Inkers MAGAZINE - Stencil 3.0 in Benares

>MAGAZINE>Tattoopedia>Stencil 3.0 in Benares

Stencil 3.0 in Benares

Partager

Stencil 3.0 à Bénarès

Textes et photos par Stephane Guillerme

« La vie a plus d'imagination que n'en portent nos rêves » écrivait Christophe Colomb. J'ai souvent fait le constat que : « L'Inde a plus d'imagination que n'en portent nos rêves » fonctionnait également super bien.
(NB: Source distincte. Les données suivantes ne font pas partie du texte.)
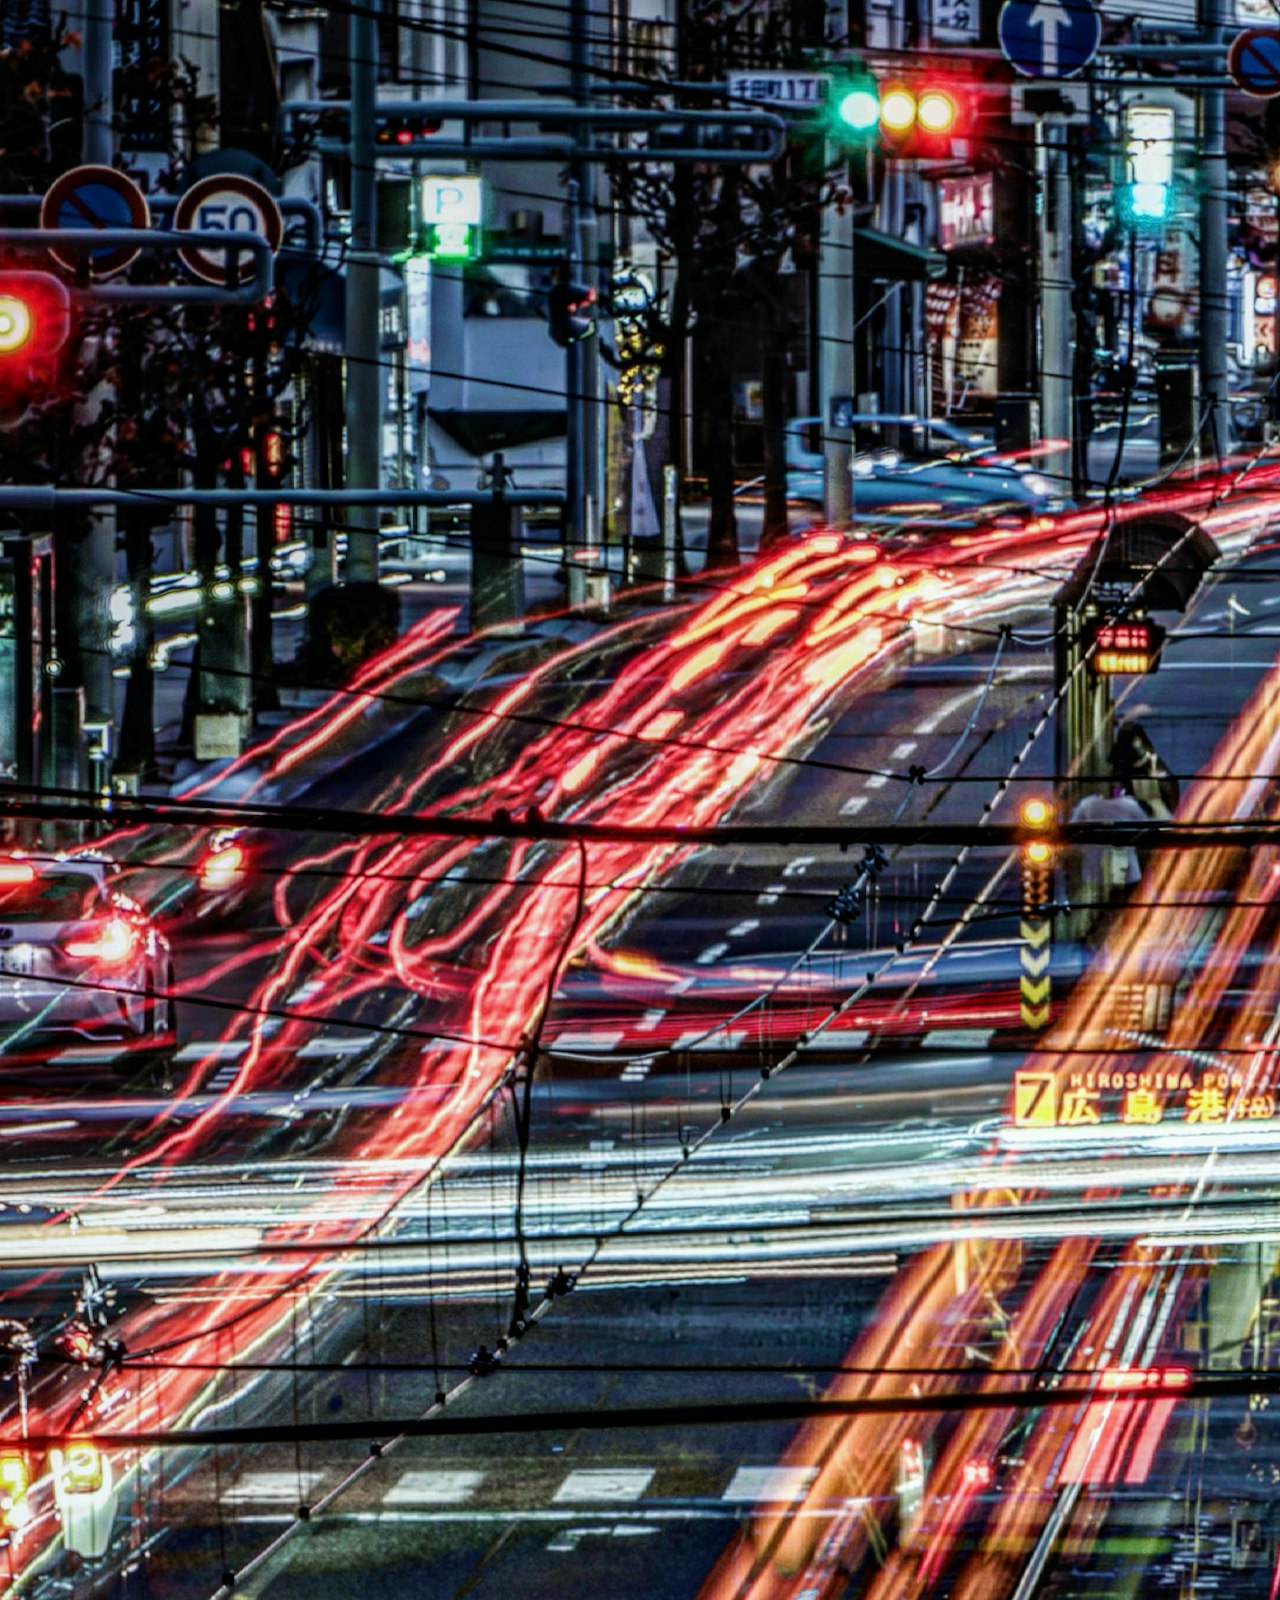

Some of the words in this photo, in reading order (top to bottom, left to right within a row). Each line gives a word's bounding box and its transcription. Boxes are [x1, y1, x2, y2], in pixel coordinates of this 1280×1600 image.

[435, 187, 463, 215] P
[1019, 1078, 1050, 1120] 7
[1070, 1073, 1194, 1089] HIROSHIMA
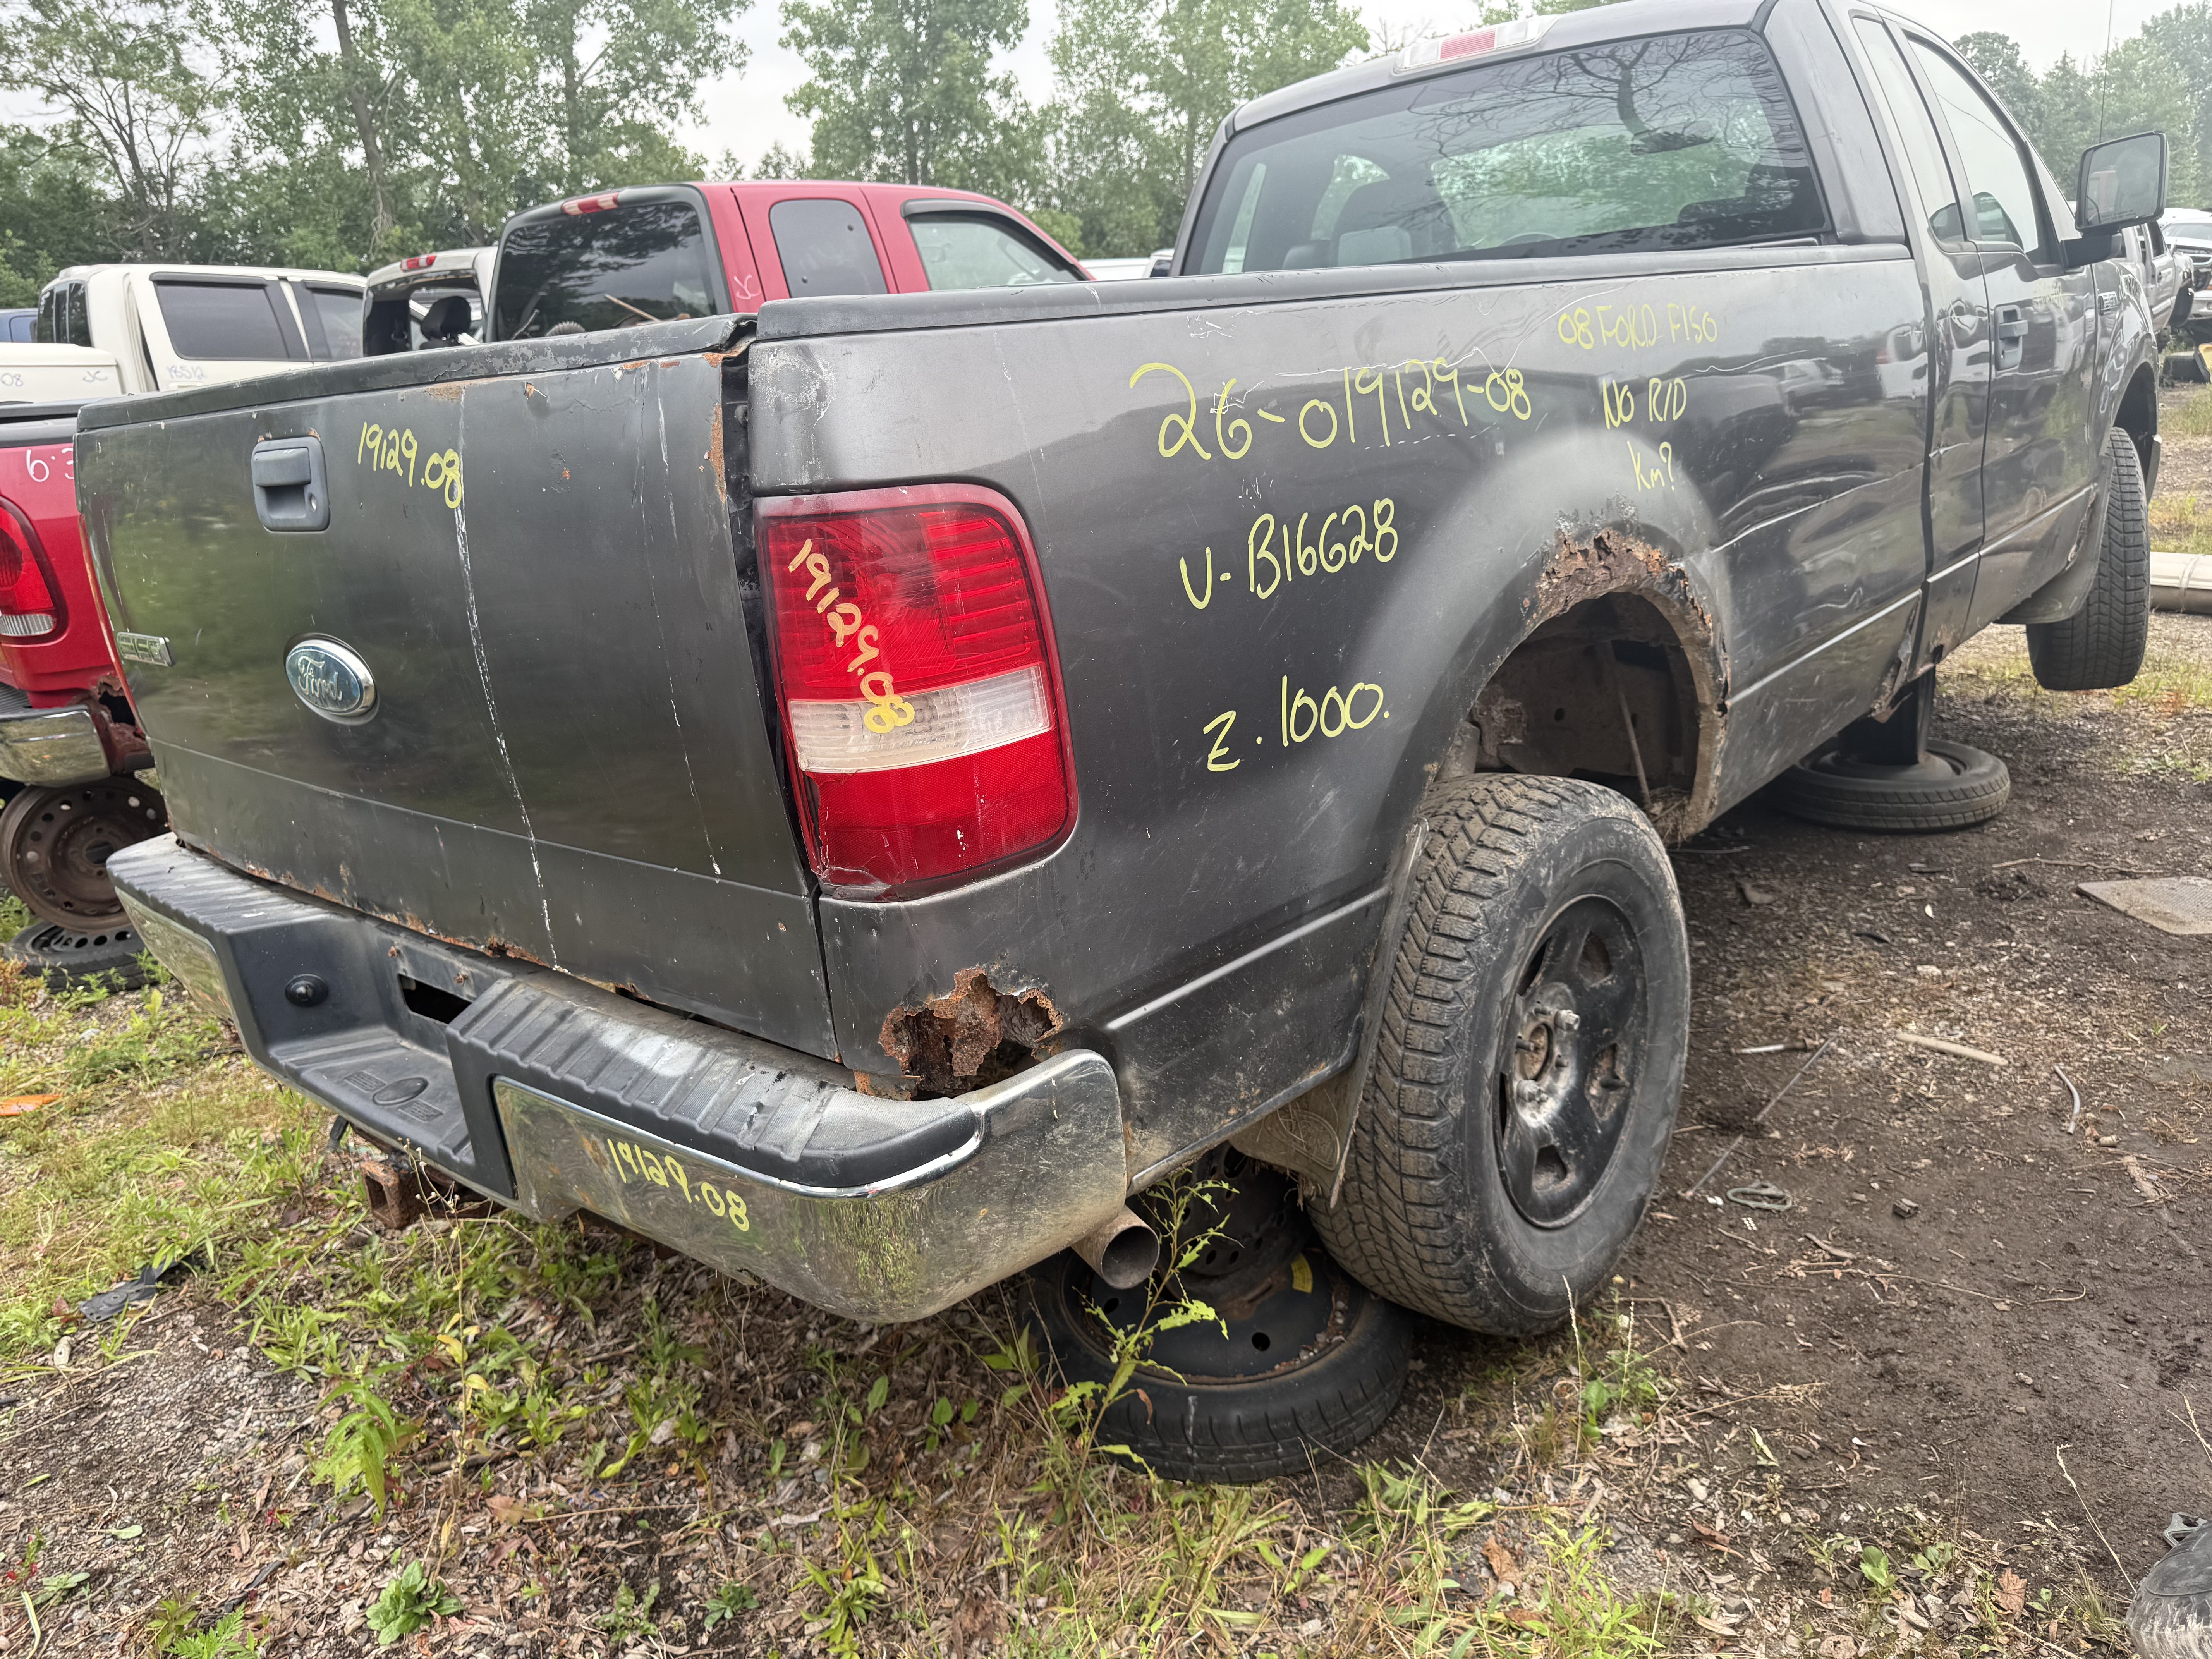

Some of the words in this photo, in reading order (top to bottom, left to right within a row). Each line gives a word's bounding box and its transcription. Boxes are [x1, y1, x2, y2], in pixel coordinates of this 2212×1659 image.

[1558, 307, 1594, 349] 08
[1596, 304, 1657, 351] FORD
[1, 373, 23, 387] 08
[1602, 378, 1634, 430] NO
[297, 656, 342, 701] Ford
Connaissez-vous le « Stencil 3.0 » ? Non ? Alors suivez-moi jusqu'au bord du Gange, à un jet de pierre, une fumée de chillum de Dasaswamedh ghât, le principal accès de Bénarès sur le Gange, où de nombreux dévots et pèlerins crédules et incrédules atterrissent au terme d'un long voyage sur les routes chaotiques, poussiéreuses et encombrées de Mother India. Une fois à Dasaswamedh ghât, à quelques mètres du fleuve divin, la moksha (libération du cycle des réincarnations) n'est plus qu'à une gorgée d'eau douteuse mais sacrée du Gange, l'idéal étant de mourir le corps immergé dans l'eau du fleuve, et en en avalant une gorgée. Quel challenge ! Ça peut prendre des jours pour pépé et mémé. Life is (sometimes) a bitch … and then ...
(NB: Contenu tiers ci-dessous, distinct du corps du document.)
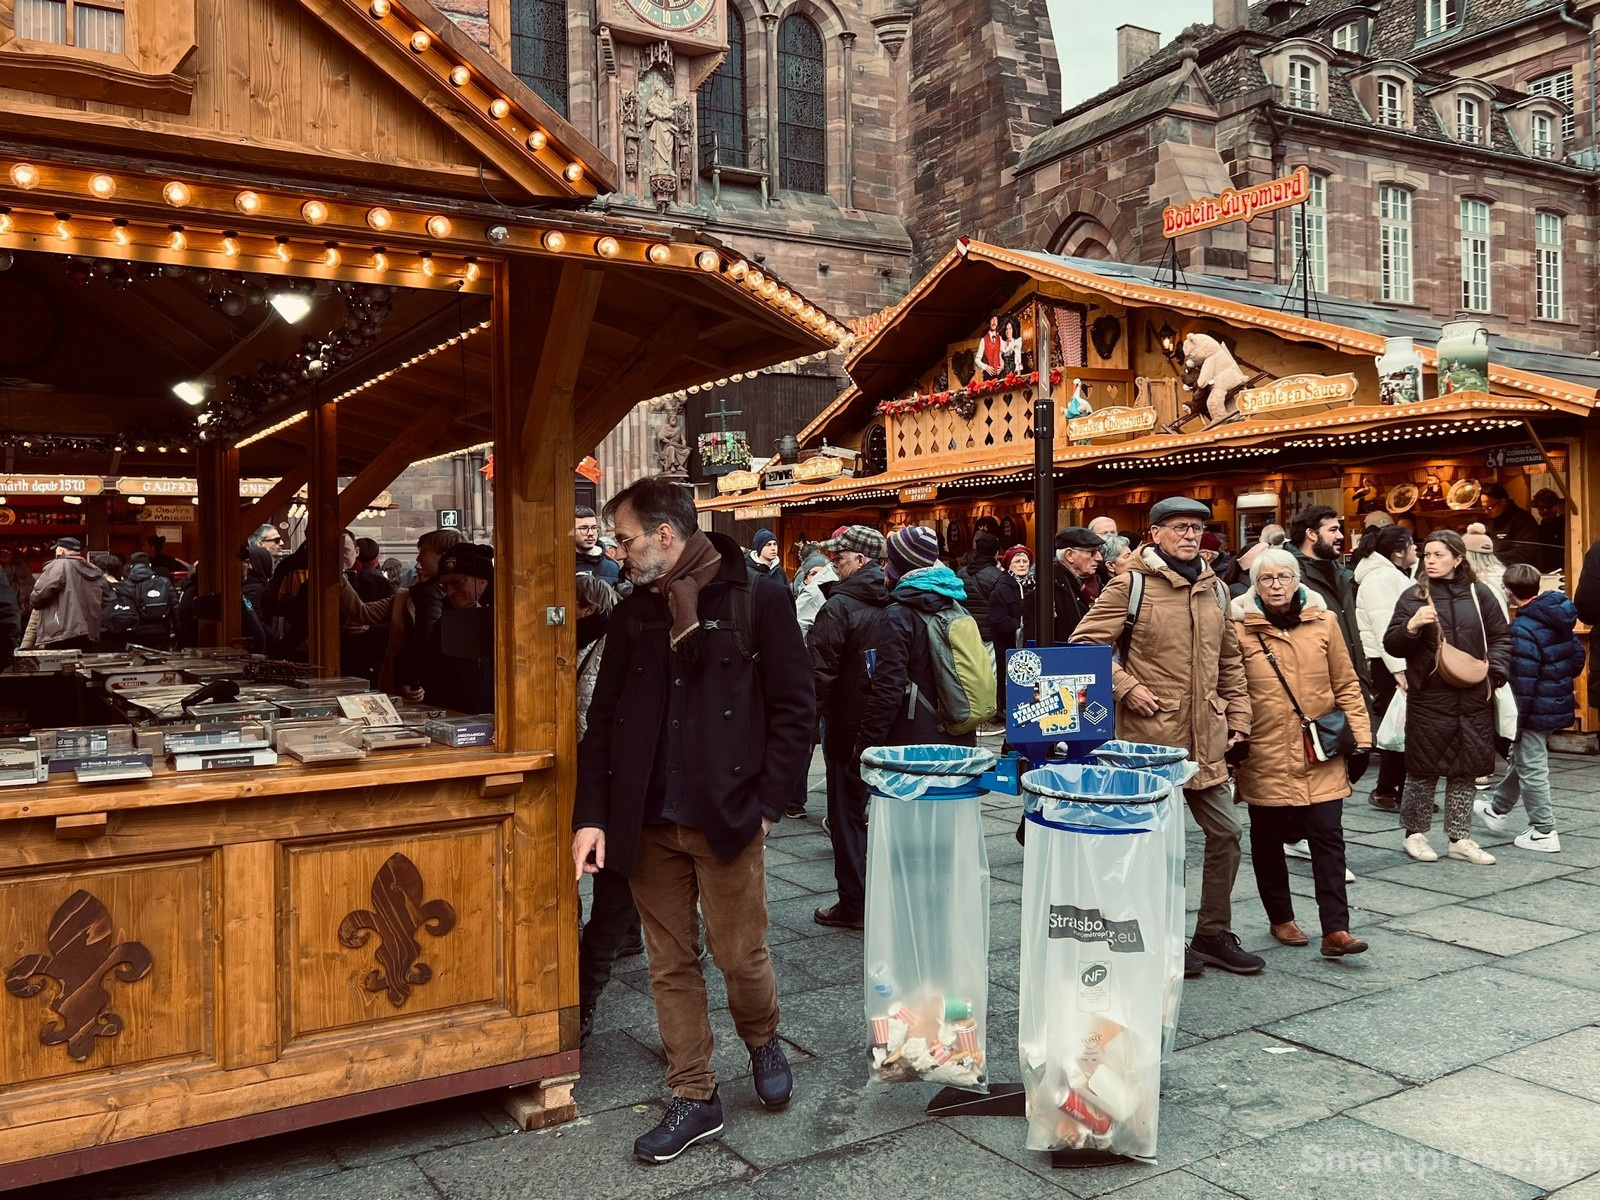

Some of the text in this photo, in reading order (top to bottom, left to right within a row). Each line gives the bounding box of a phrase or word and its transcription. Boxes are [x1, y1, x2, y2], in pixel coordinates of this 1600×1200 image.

[1164, 173, 1303, 232] Bodein-Guyomard
[1286, 389, 1302, 403] en
[1304, 383, 1344, 401] Sauce
[32, 480, 58, 493] depuis
[59, 479, 85, 492] 1570
[1084, 969, 1105, 983] NF
Si il ne devait rester qu'une ville dédiée à Shiva en Inde et au monde ce serait inévitablement Bénarès (également appelée Varanasi ou Kashi). Le souffle de vie insufflé par le dieu Shiva anime cette ville millénaire où, au-delà du chaos apparent, règne un ordonnancement réglé comme du papier à musique, chacun à sa place. Encore faut-il le percevoir. Pour un occidental, et depuis des lustres, Bénarès se résumerait plutôt aux écrits d'André Chevrillon qui, dans son ouvrage de 1891 s'intitulant « Dans l'Inde », écrivit : « La première idée quand on arrive à Bénarès, c’est que le délire y est normal. » MDR

Première rue parallèle au Gange, à deux minutes de Dasaswamedh ghât, se rencontre parfois un tatoueur de rue, parfois deux, parfois aucun. Encore faut-il le remarquer dans l'agitation populaire qui règne dans les rues et ruelles grouillantes de la vieille ville shivaïte. Mais mon œil de faucon des plaines ne se laisse pas abuser si facilement et ce fut avec grand plaisir que j'en repérai un, sur le bord de la chaussée sans trottoir ni caniveau apparent. Quelques personnes accroupies sur le bas-côté de la chaussée, quelques oscillations humaines qui passèrent sous mes radars.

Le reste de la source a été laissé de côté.